:: Exercise ::
What you return should be the line containing "this 2352×1568 image." and each line after it to the end of the records, copied exactly.
┌─ Data for this exercise
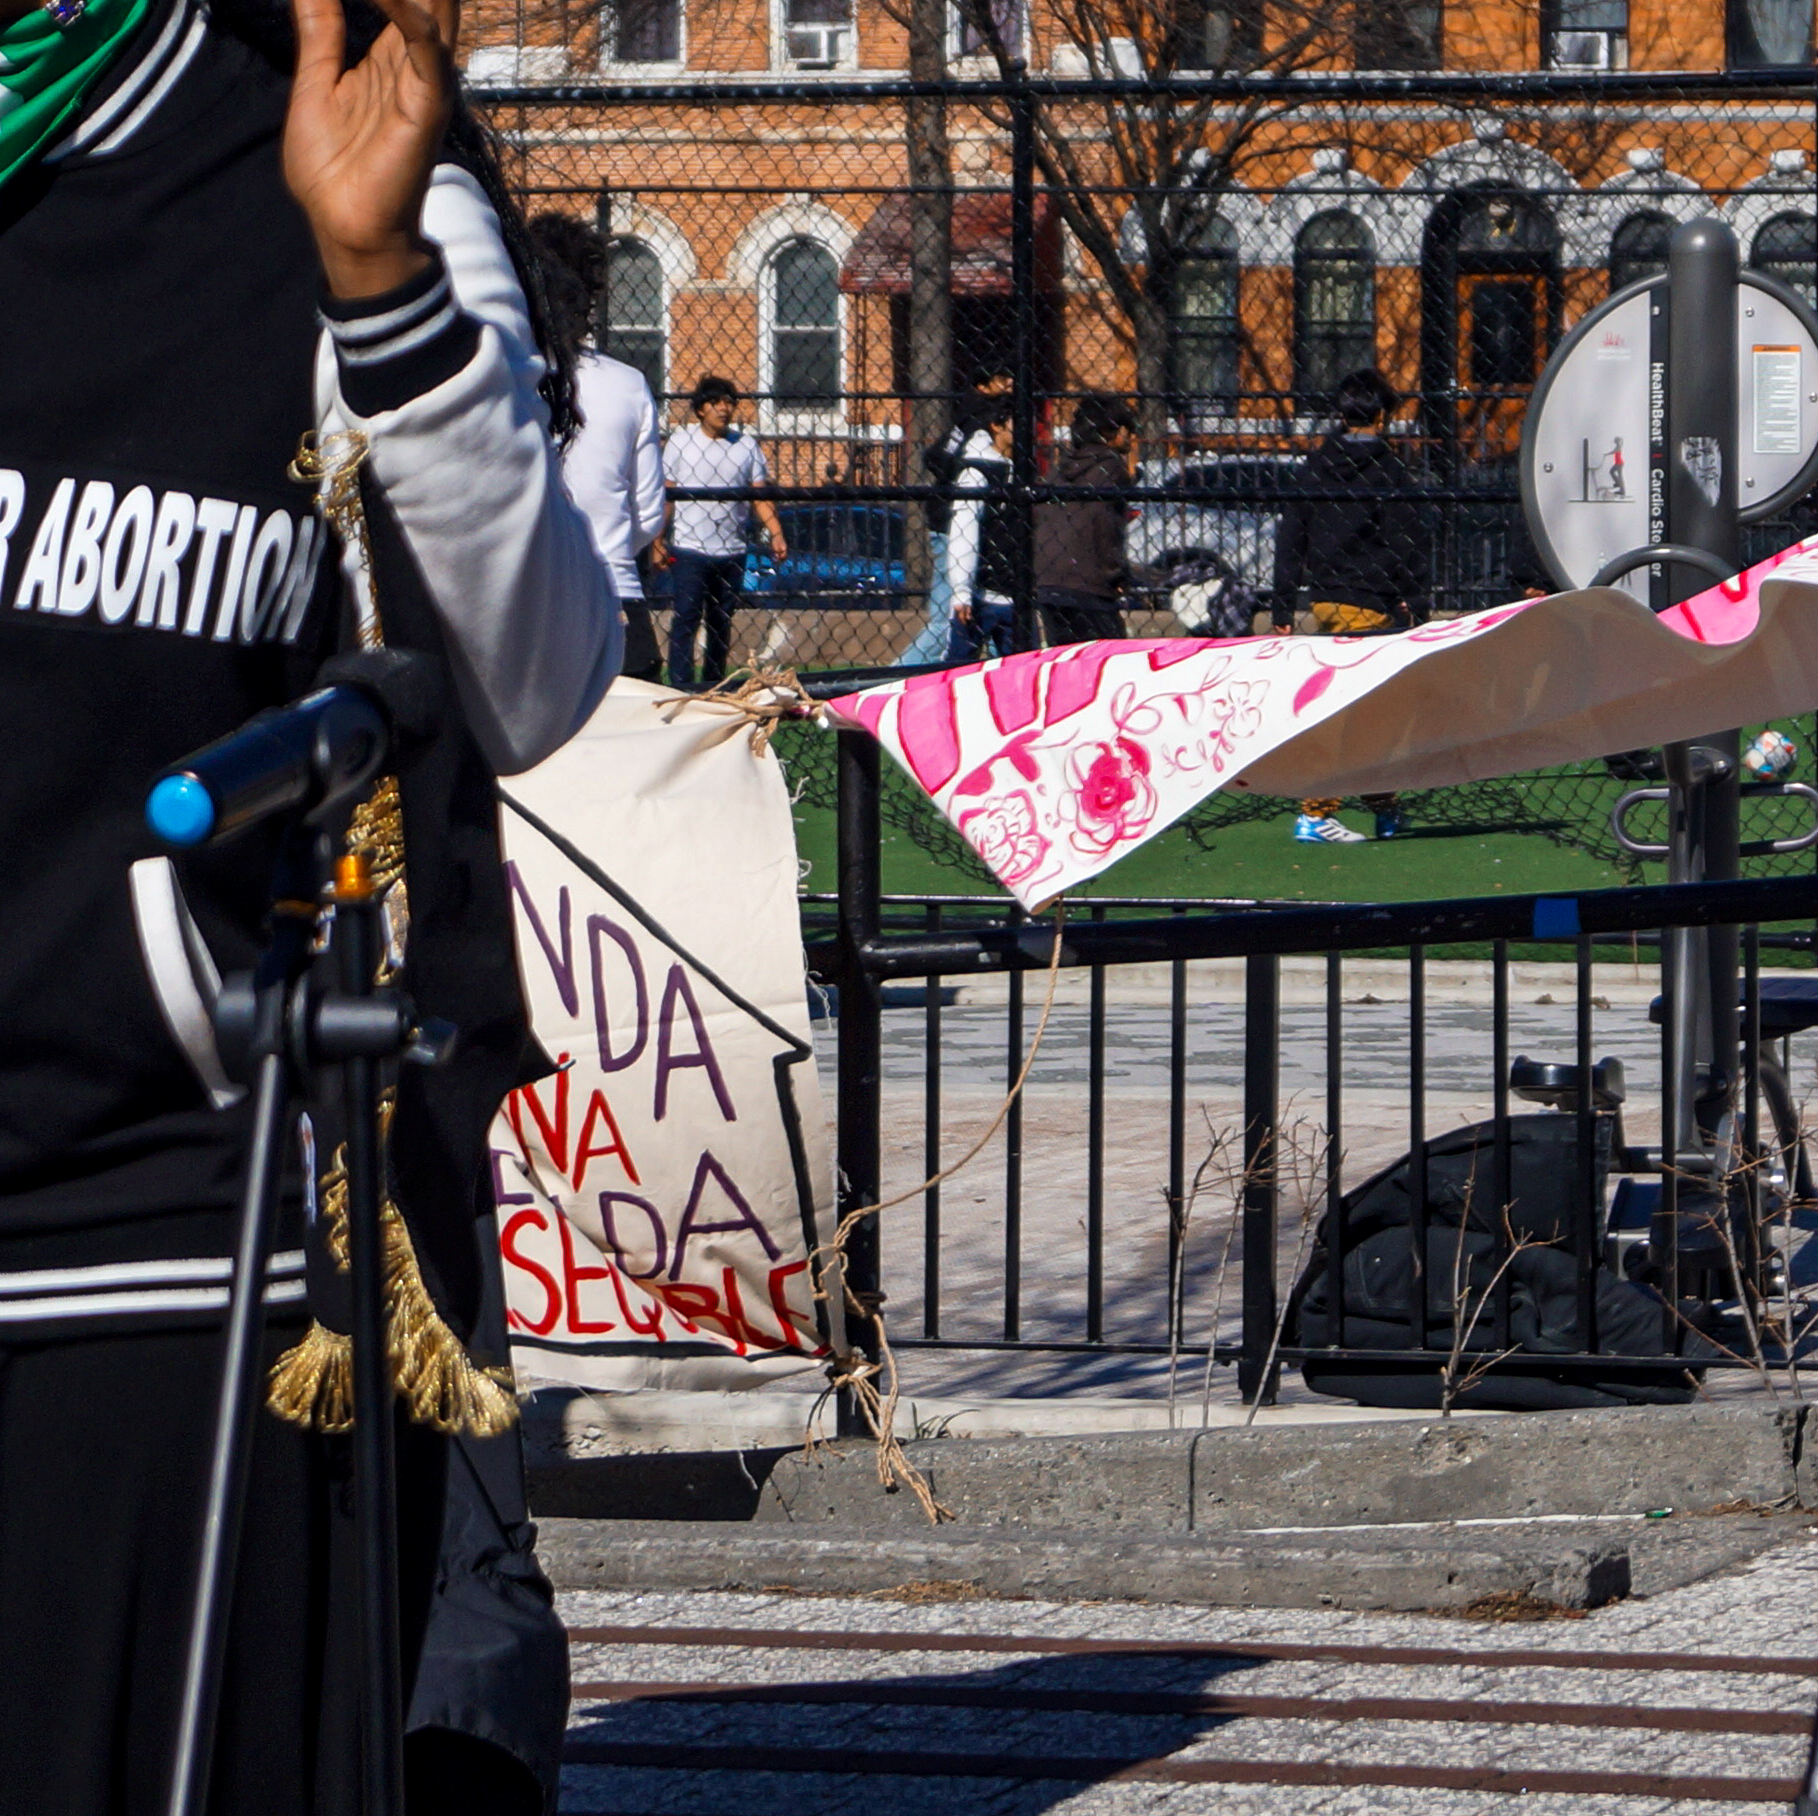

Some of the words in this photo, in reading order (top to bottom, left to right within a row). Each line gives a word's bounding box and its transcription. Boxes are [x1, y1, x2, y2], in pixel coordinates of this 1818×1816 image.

[1651, 362, 1665, 442] HealthBeat
[1651, 468, 1665, 517] Cardio
[13, 478, 328, 645] ABORTION
[1651, 519, 1665, 578] Steer
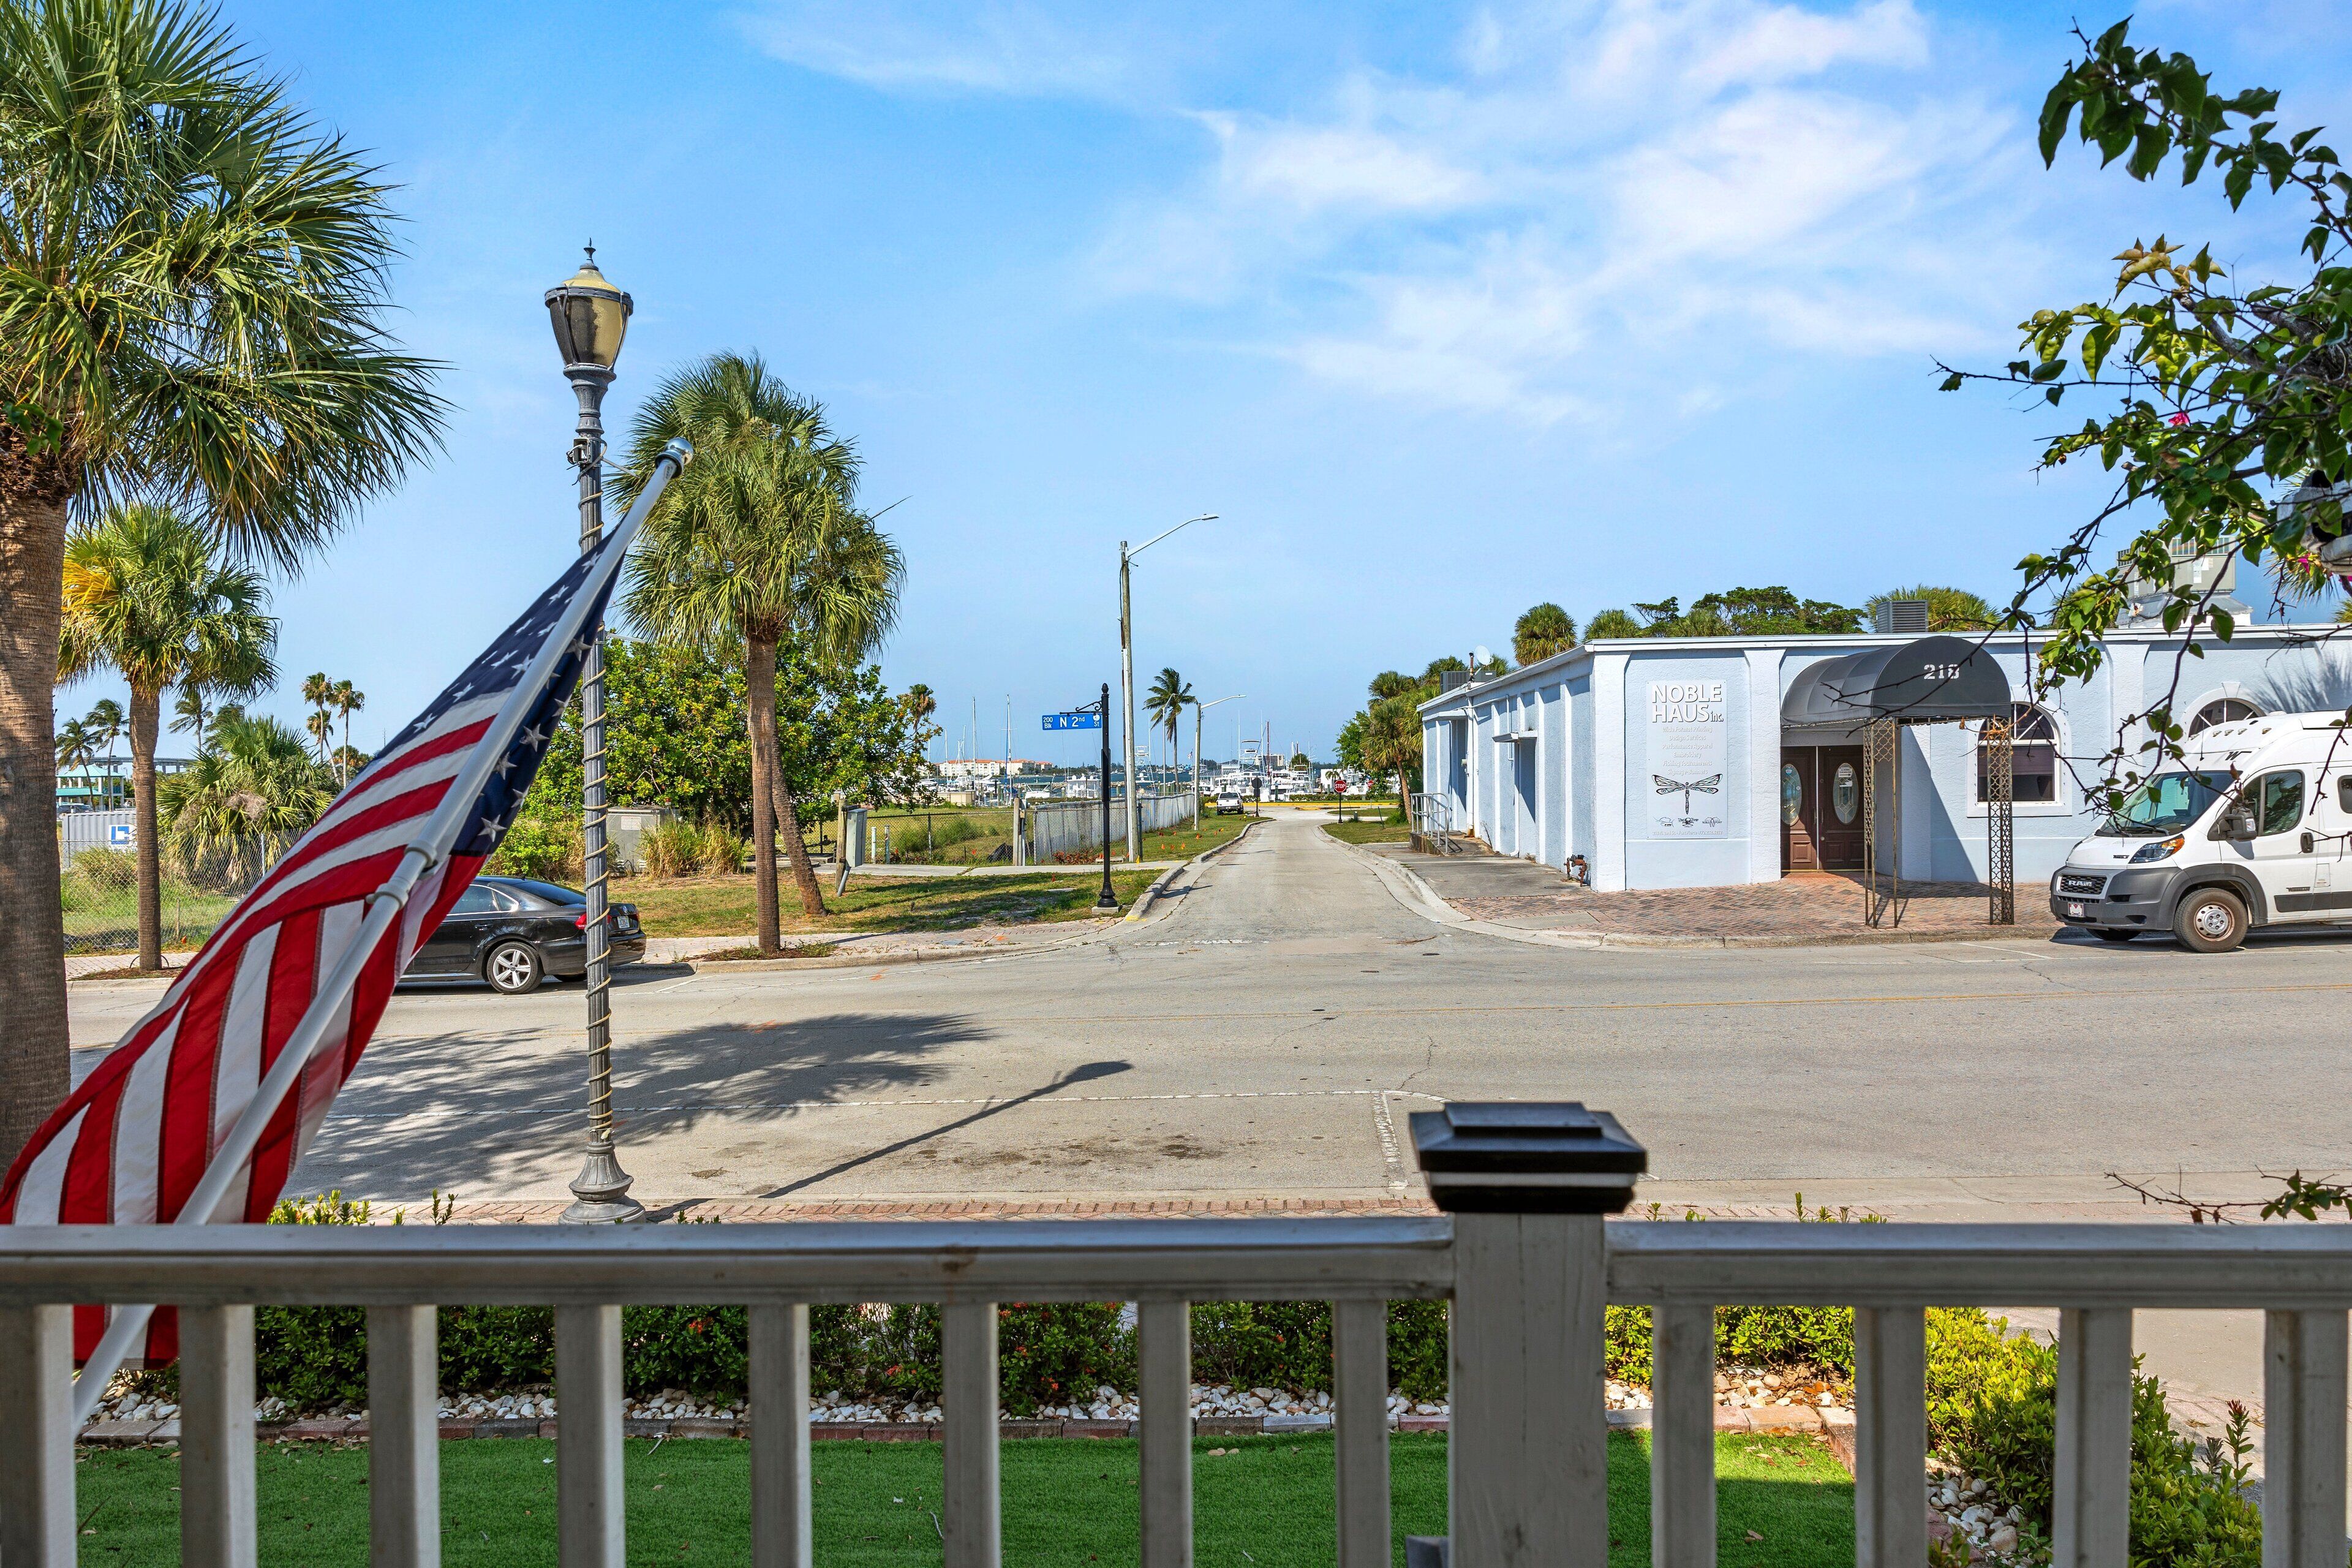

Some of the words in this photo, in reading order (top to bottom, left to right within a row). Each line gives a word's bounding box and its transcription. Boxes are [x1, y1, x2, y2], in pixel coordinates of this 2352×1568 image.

[1924, 664, 1959, 679] 218
[1652, 684, 1722, 703] NOBLE
[1060, 717, 1067, 727] N
[1071, 716, 1085, 727] 2nd
[1652, 704, 1709, 723] HAUS
[1711, 711, 1724, 722] inc.
└─
:: Exercise answer ::
Some of the words in this photo, in reading order (top to bottom, left to right within a row). Each line gives a word's bounding box and its transcription. Boxes are [x1, y1, x2, y2], in pixel coordinates of this 2352×1568 image.

[1924, 664, 1959, 679] 218
[1652, 684, 1722, 703] NOBLE
[1060, 717, 1067, 727] N
[1071, 716, 1085, 727] 2nd
[1652, 704, 1709, 723] HAUS
[1711, 711, 1724, 722] inc.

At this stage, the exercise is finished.